Phrase grounding data
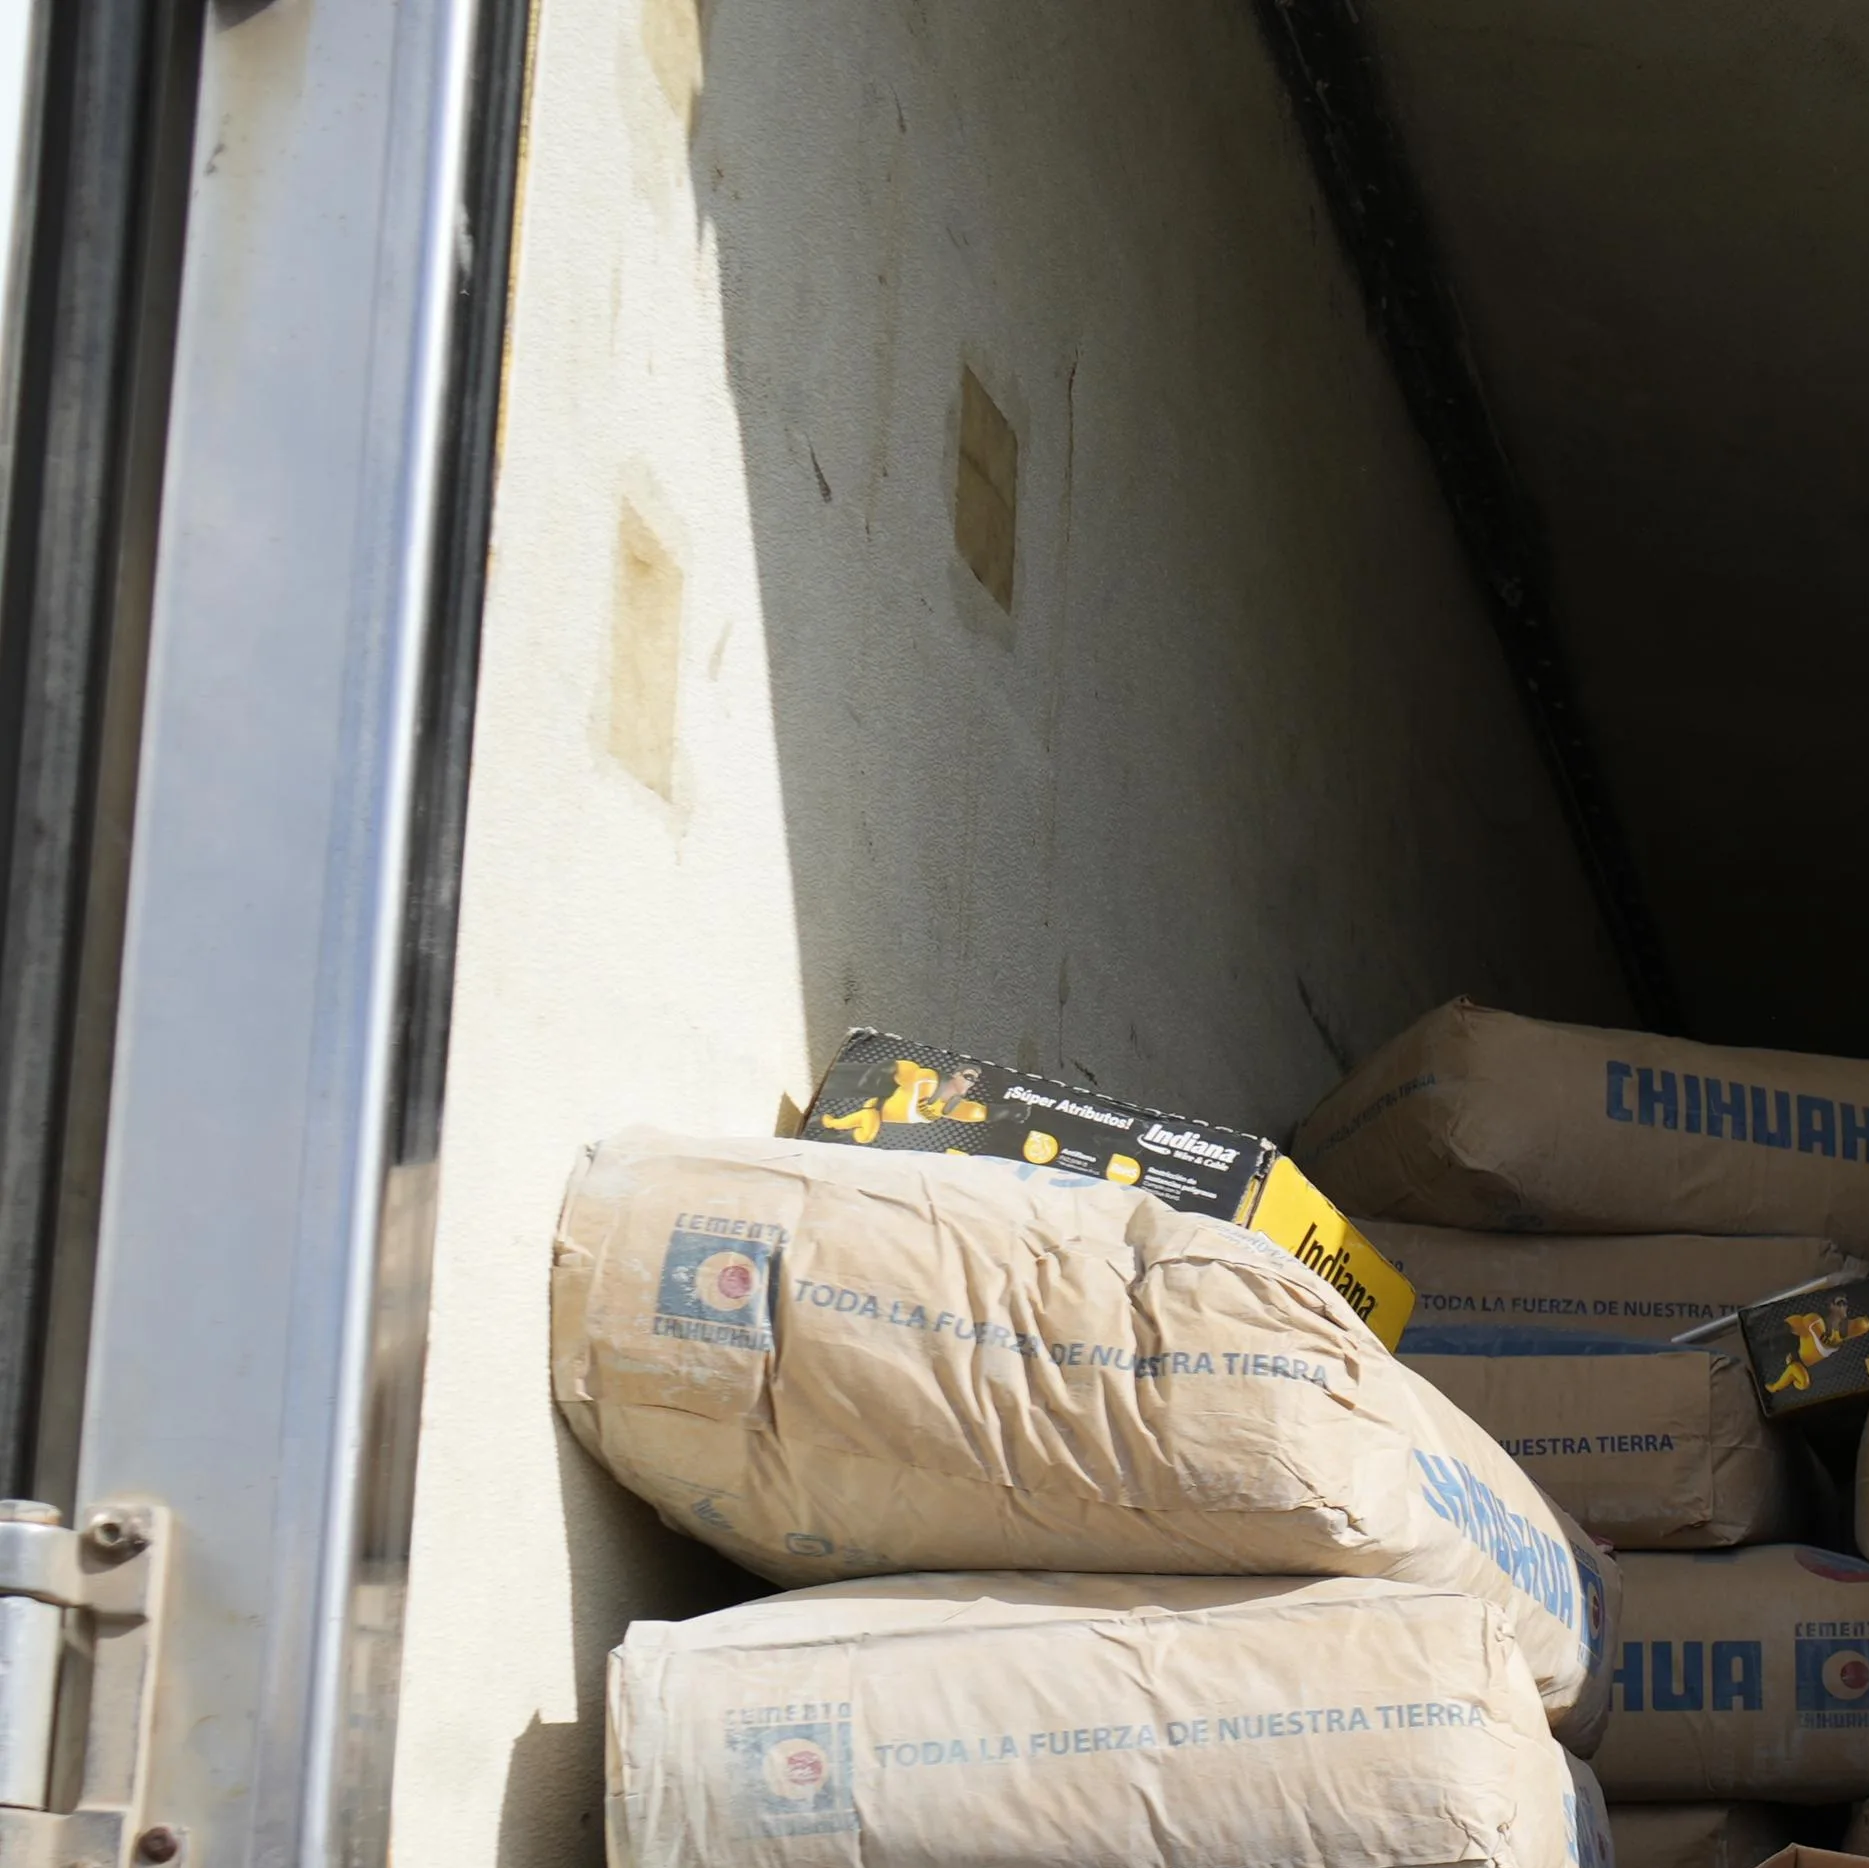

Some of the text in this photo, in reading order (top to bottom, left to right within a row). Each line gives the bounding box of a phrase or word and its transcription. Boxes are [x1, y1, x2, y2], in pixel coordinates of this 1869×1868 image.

[1003, 1086, 1134, 1131] ¡Súper Atributos!
[1144, 1123, 1239, 1165] Indiana
[674, 1211, 789, 1248] CEMENTO
[1420, 1293, 1475, 1312] TODA
[1482, 1295, 1506, 1312] LA
[1512, 1296, 1587, 1315] FUERZA
[1593, 1299, 1619, 1316] DE
[1624, 1300, 1714, 1319] NUESTRA
[794, 1278, 1328, 1384] TODA LA FUERZA DE NUESTRA TIERRA
[1596, 1433, 1674, 1455] TIERRA
[874, 1701, 1487, 1769] TODA LA FUERZA DE NUESTRA TIERRA

» WHAT YOU ARE ASKED TO DO: Set down every entry word for word, but omit the pictures.

» ANSWER SECTION:
Some of the text in this photo, in reading order (top to bottom, left to right within a row). Each line gives the bounding box of a phrase or word and its transcription. Boxes are [x1, y1, x2, y2], in pixel coordinates of this 1869×1868 image.

[1003, 1086, 1134, 1131] ¡Súper Atributos!
[1144, 1123, 1239, 1165] Indiana
[674, 1211, 789, 1248] CEMENTO
[1420, 1293, 1475, 1312] TODA
[1482, 1295, 1506, 1312] LA
[1512, 1296, 1587, 1315] FUERZA
[1593, 1299, 1619, 1316] DE
[1624, 1300, 1714, 1319] NUESTRA
[794, 1278, 1328, 1384] TODA LA FUERZA DE NUESTRA TIERRA
[1596, 1433, 1674, 1455] TIERRA
[874, 1701, 1487, 1769] TODA LA FUERZA DE NUESTRA TIERRA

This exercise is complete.